The goal of the RAX-2 mission is to enhance understanding of FAI formation so that short-term forecast models can be generated. This will aid spacecraft operators with planning their mission operations around periods of expected communication disruption. The RAX-1 mission made great strides in CubeSat design, and was able to execute bistatic radar measurements never before been performed with such a spacecraft. RAX team members applied the lessons learned from RAX-1 to the design of a second flight unit, RAX-2, which will perform the same mission concept of the first RAX that launched in November 2010, with improved bus performance and additional operational modes. Science measurements will be enhanced through interactive experiments with high power ionospheric heaters where FAI will be generated on demand.

==Testing==
RAX undergoes the same rigorous testing that its bigger cousins do, to meet many of the same requirements. During testing, RAX was able to successfully upload commands and receive telemetry from a host of sensors. These sensors yielded data including temperature and voltage, GPS position and velocity, spacecraft attitude (for orientation determination), and the general status of all of the RAX subsystems. The ground station software was also tested over radio links, proving that the team will be able to listen and interact with RAX remotely.

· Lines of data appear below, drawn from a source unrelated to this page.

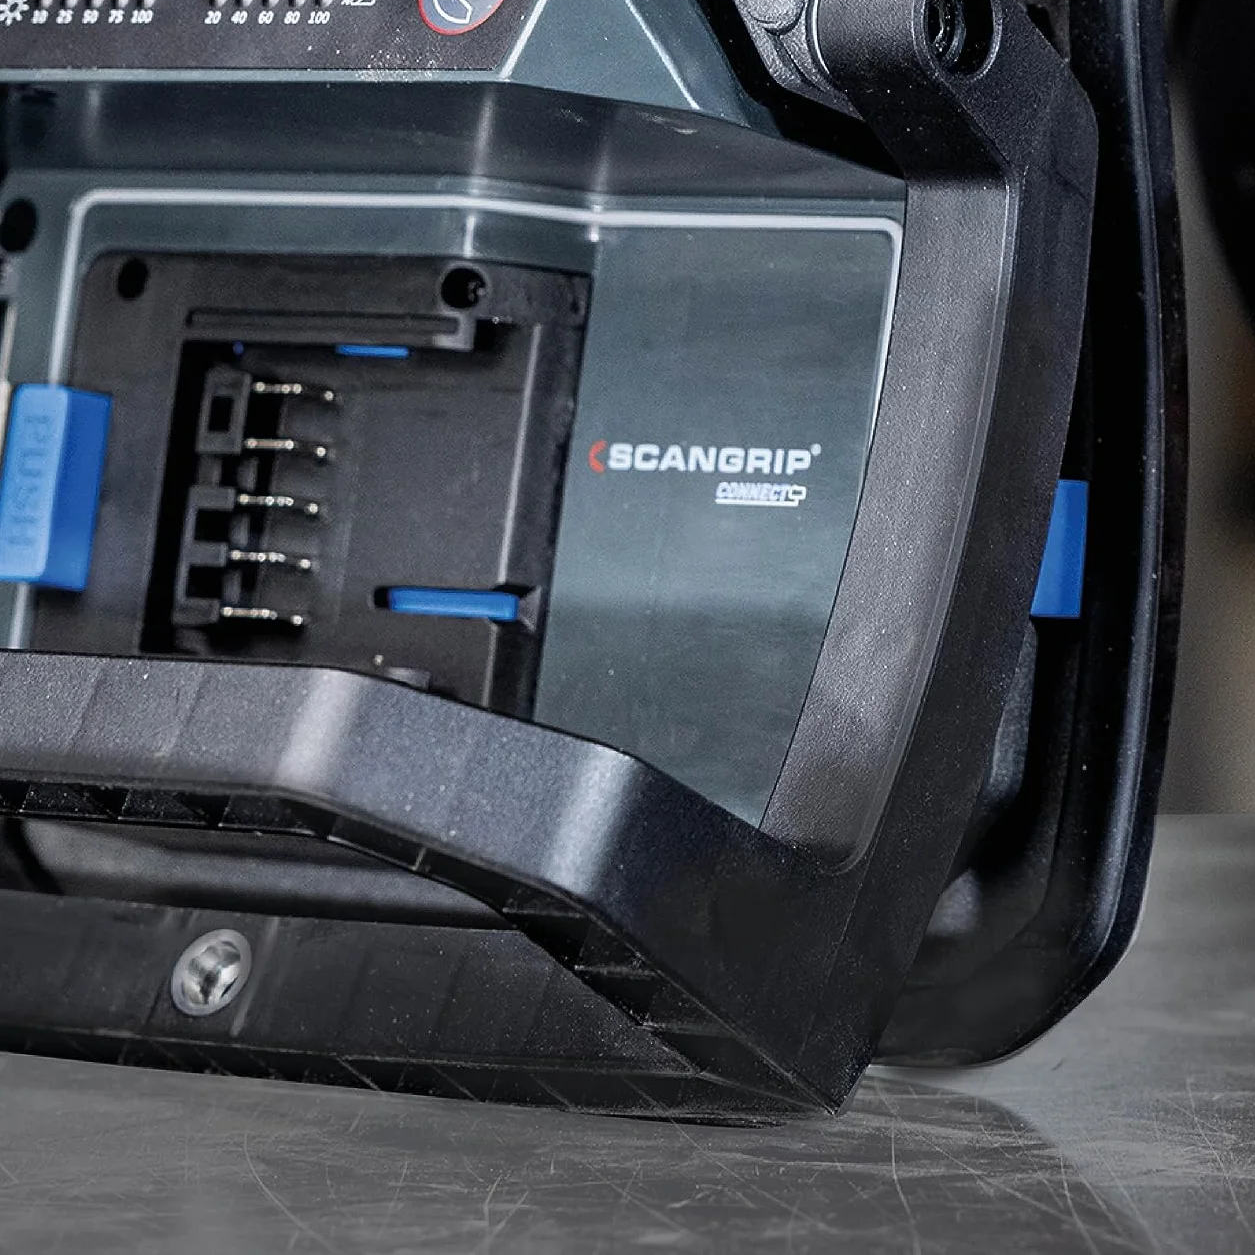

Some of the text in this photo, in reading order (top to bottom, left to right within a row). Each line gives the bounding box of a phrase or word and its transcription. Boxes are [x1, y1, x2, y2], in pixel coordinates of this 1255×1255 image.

[56, 9, 73, 24] 25
[108, 9, 124, 24] 75
[131, 9, 154, 24] 100
[204, 10, 331, 25] 20 40 60 80 100
[607, 442, 812, 475] SCANGRIP
[8, 414, 52, 546] PUSH
[715, 481, 791, 502] CONNECT
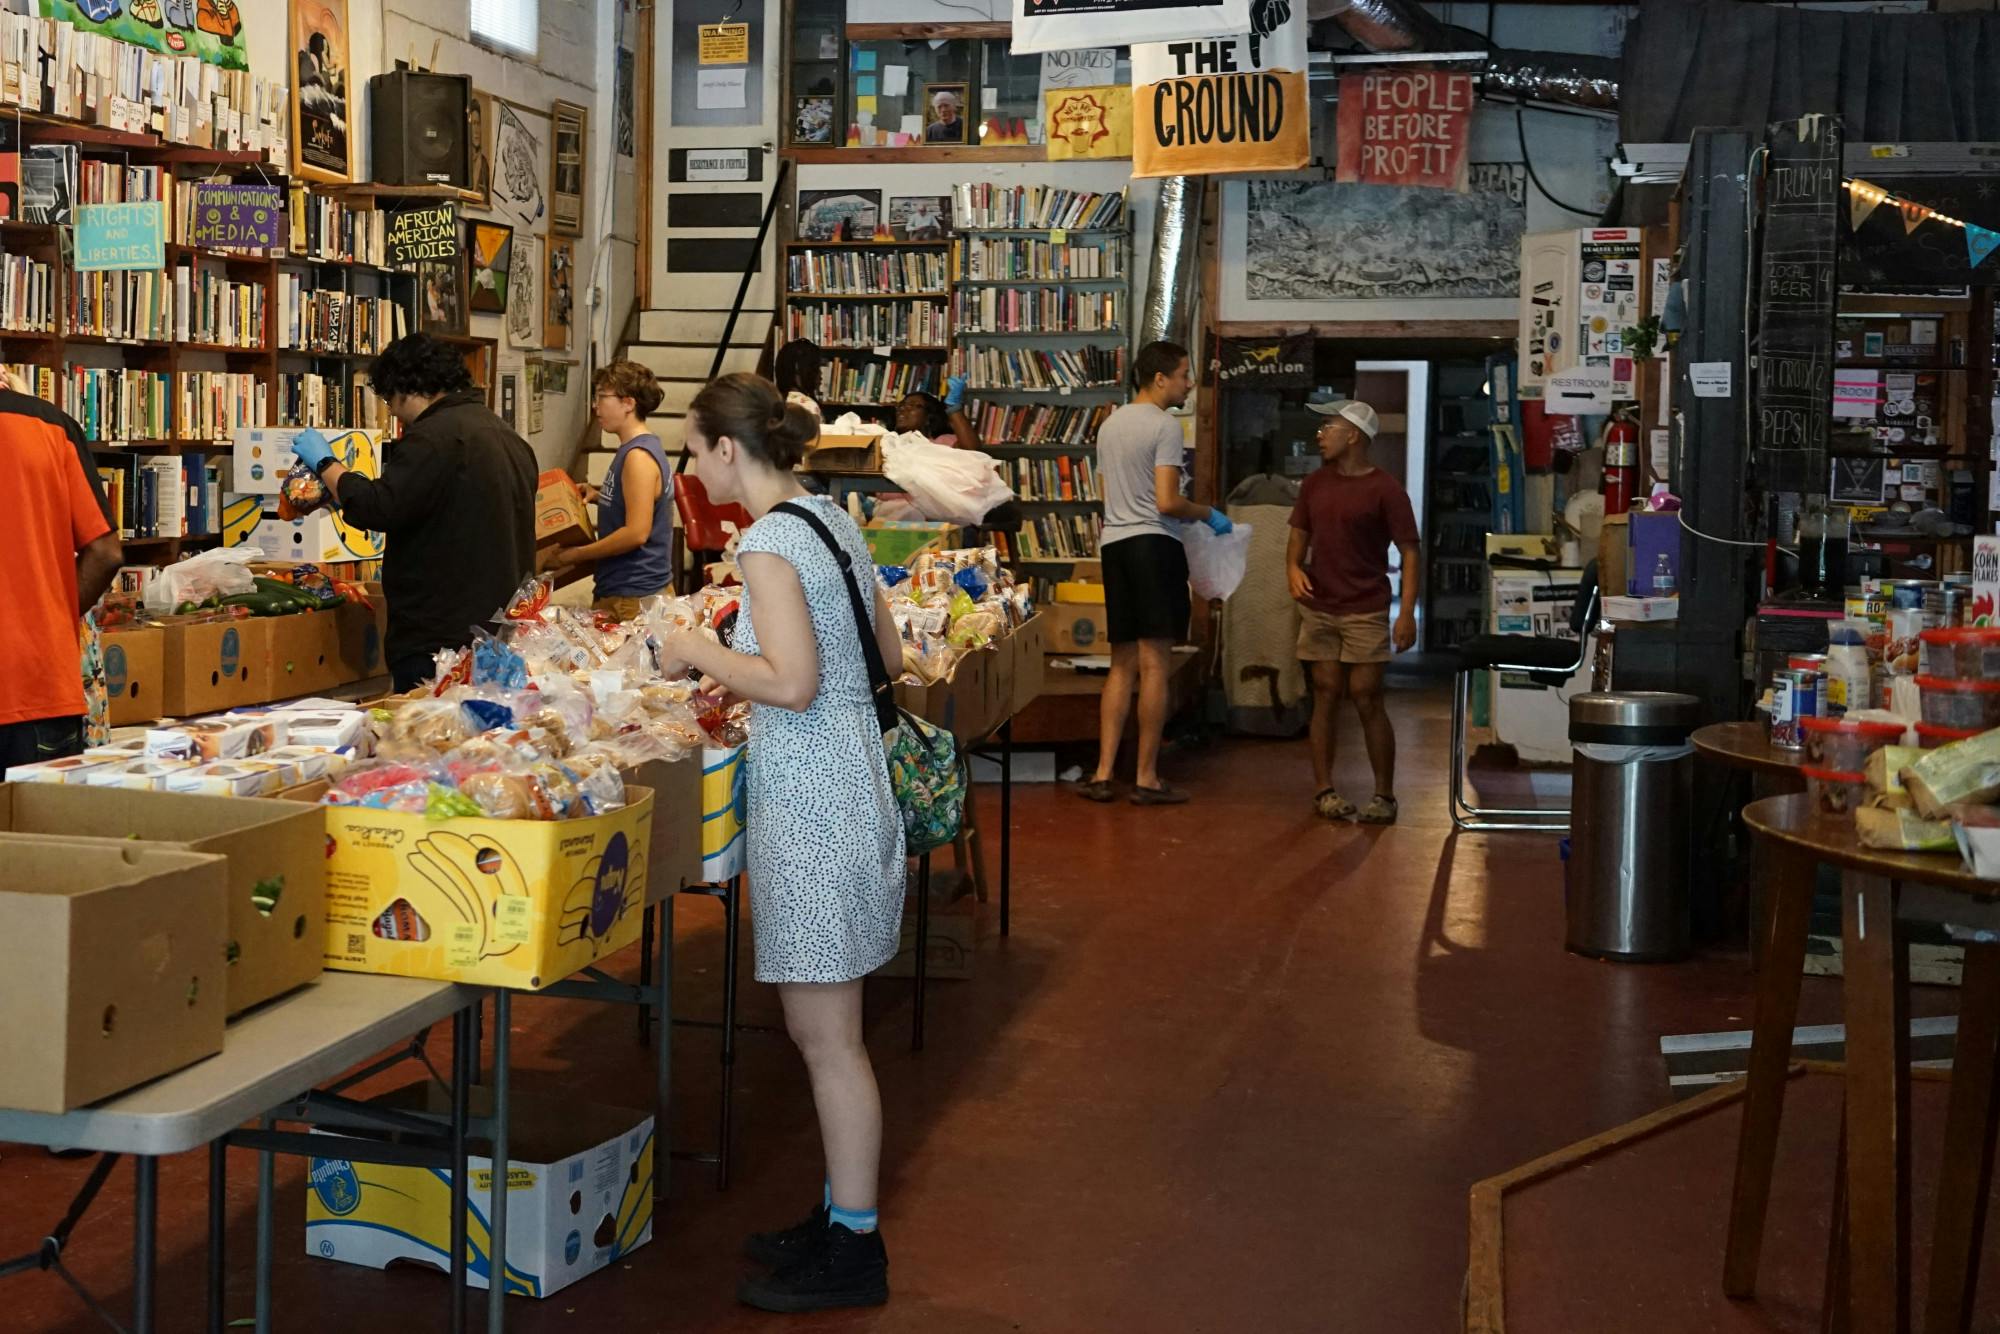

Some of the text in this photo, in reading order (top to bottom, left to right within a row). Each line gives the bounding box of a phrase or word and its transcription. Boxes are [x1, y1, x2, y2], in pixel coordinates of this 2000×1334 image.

Over the course of the seventeen-month development, the team also built additional testing facilities to evaluate sensors and prototypes. An in-house Helmholtz Cage was constructed to create and simulate the changes in magnetic fields experienced by the satellite throughout its orbit over time. The cage was designed to characterize the magnetometers and run hardware-in-the-loop testing with RAX. This essentially puts the CubeSat into a virtual orbit, and allows the team to generate appropriate magnetic fields to test RAX's ability to determine how it is oriented. The Helmholtz Cage is also used to evaluate magnetic cleanliness and final integration testing.

==RAX 1 Mission==
===Launch===
RAX-1 was sent into orbit on November 19, 2010 by the United States Air Force as a payload manifested on the United States Department of Defense Space Test Program’s (STP) STP-S26 mission, launched from Kodiak Launch Complex on Kodiak Island in Alaska. The rocket used for this launch was a Minotaur IV rocket developed by Orbital Sciences.

===Results===
The scientific payload and the majority of the bus systems performed as expected, including the GPS-based position and time subsystem, attitude determination and control, communications, and on-board processing. Unfortunately, the mission ended prematurely after approximately two months of operation due to a gradual degradation of the solar panels that ultimately resulted in a loss of power. RAX team members applied the lessons learned from RAX-1 to the design of a second flight unit, RAX-2.

==RAX 2 Mission==

===Launch===

RAX-2 launched on October 28, 2011, as a secondary payload on NASA's NPOESS Preparatory Project mission. The CubeSat launch was sponsored by NASA as part of the ElaNA-3 program. It launched from Vandenberg Air Force Base in California on a United Launch Alliance Delta II rocket, flying in the 7920-10 configuration. CubeSat separation occurred 98 minutes after launch, and beacons from RAX-2 were heard shortly thereafter.